Hizbut Tahrir Akan Salurkan Suaranya ke Partai Islam di Pemilu 2014


Hizbut Tahrir Indonesia (HTI) yang merupakan bagian dari partai politik (parpol) internasional menyatakan tidak akan ikut ambil bagian dalam Pemilu di Indonesia pada Pemilu 2014. Namun, sebagaimana pada pemilu-pemilu sebelumnya, HTI akan mengeluarkan pernyataan resmi kepada seluruh anggotanya di berbagai penjuru Tanah Air untuk menyalurkan aspirasi kepada parpol-parpol di Indonesia yang memiliki platform, konsepsi, dan tujuan yang jelas bagi terwujudnya Khilafah Islamiyah dan tidak diarahkan kepada parpol tertentu.
“Pernyataan resmi HTI itu nanti dimaknai seperti apa? Itu semuanya tentu berpulang kepada masing-masing anggota. Mungkin ada yang memaknai itu ke PBB, PPP, mungkin ini PAN, PKS, itu adalah hak mereka,” kata Juru Bicara HTI Muhammad Ismail Yusanto dalam di sela-sela kegiatan puncak Muktamar Khilafah HTI di Gelora Bung Karno (GBK) di Jakarta, Minggu (2/6), seperti dikutipSuara Pembaruan.
Muhammad Ismail Yusanto mengatakan, HTI tidak pernah menyerukan anggotanya untuk tidak memberikan suara alias golput dalam pemilu. Menurut HTI, memilih itu adalah hak politik setiap anggota. Oleh sebab itu, HTI selalu mengingatkan agar anggota yang akan menggunakan hak pilihnya untuk memilih partai yang baik sesuai dengan kriteria yang dirumuskan nantinya.

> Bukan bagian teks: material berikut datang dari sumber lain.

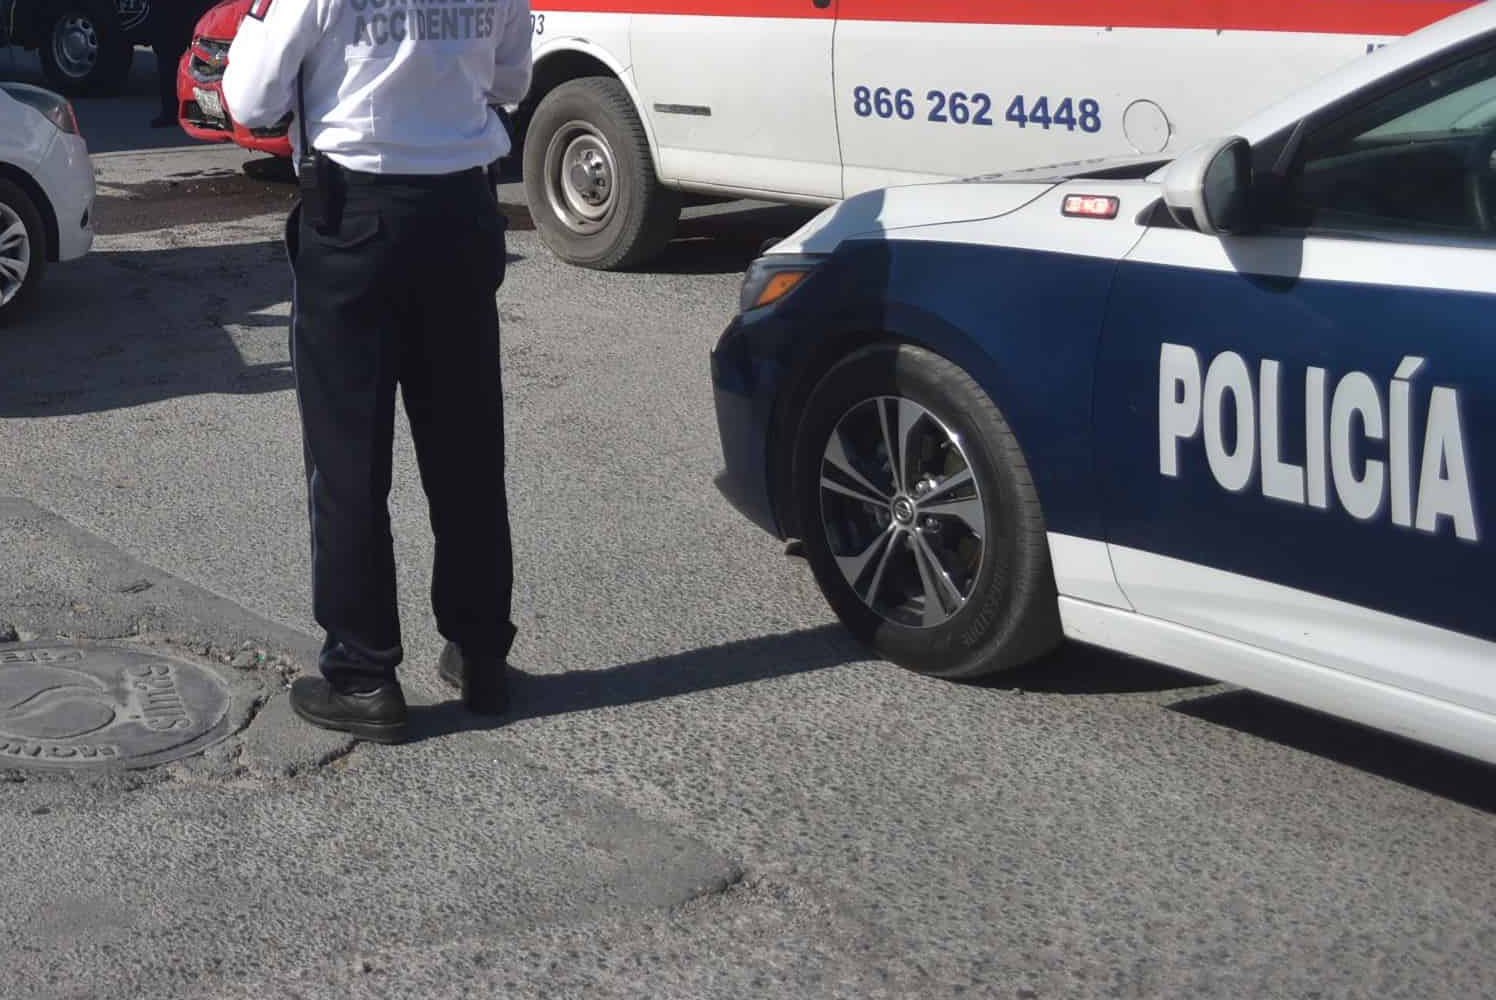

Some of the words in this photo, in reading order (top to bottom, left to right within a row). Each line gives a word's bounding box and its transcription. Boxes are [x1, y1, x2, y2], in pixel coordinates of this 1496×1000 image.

[353, 8, 495, 45] ACCIDENTES
[853, 85, 915, 120] 866
[926, 89, 993, 126] 262
[1005, 94, 1102, 133] 4448
[1159, 342, 1479, 541] POLICÍA

“Kami ingatkan bahwa silahkan gunakan hak itu dengan sebaik-baiknya untuk memilih partai yang baik,” ujarnya.
Hingga saat ini, HTI belum memutuskan untuk ikut ambil bagian dalam Pemilu di Indonesia. Meski, sesungguhnya Hizbut Tahrir pernah ikut ambil bagian dalam Pemilu di Lebanon dan Yordania hingga akhirnya anggota parlemen asal Hizbut Tahrir terdepak dari kursi parlemen.
Meski demikian, tambah Muhammad Ismail Yusanto, bukan berarti HTI tidak berpolitik praktis dalam dinamika politik di Indonesia. HTI konsern pada persoalan-persoalan yang menyangkut keummatan, seperti pornografi, pornoaksi, kebijakan pemerintah yang menindas ummat, dan lainnya. HTI akan tetap akan bersuara kritis atas berbagai persoalan yang dihadapi masyarakat tersebut.
Terkait dengan kegiatan Muktamar Khilafah di GBK Jakarta yang dihadiri sekitar 100 ribu lebih anggota HTI dari tiga provinsi di pulau Jawa, Muhammad Ismail Yusanto menegaskan, kegiatan ini sama sekali tidak ada kaitannya dengan tahun politik 2013 menjelang Pemilu 2014. Kegiatan Muktamar Khilafah yang juga dilakukan di 31 kota di Indonesia sepanjang Mei hingga Juni 2013 yang puncaknya digelar di GBK ini ditujukan untuk kembali mengokohkan persaudaraan ummat bagi terwujudnya Khilafah Islamiyah.
“Kami tegaskan bahwa acara ini tidak ada kaitannya dengan tahun politik, kami pastikan tidak ada hubungannya dengan itu, artinya tidak ada hubungannya dengan calon-calon atau partai-partai tertentu,” ujarnya.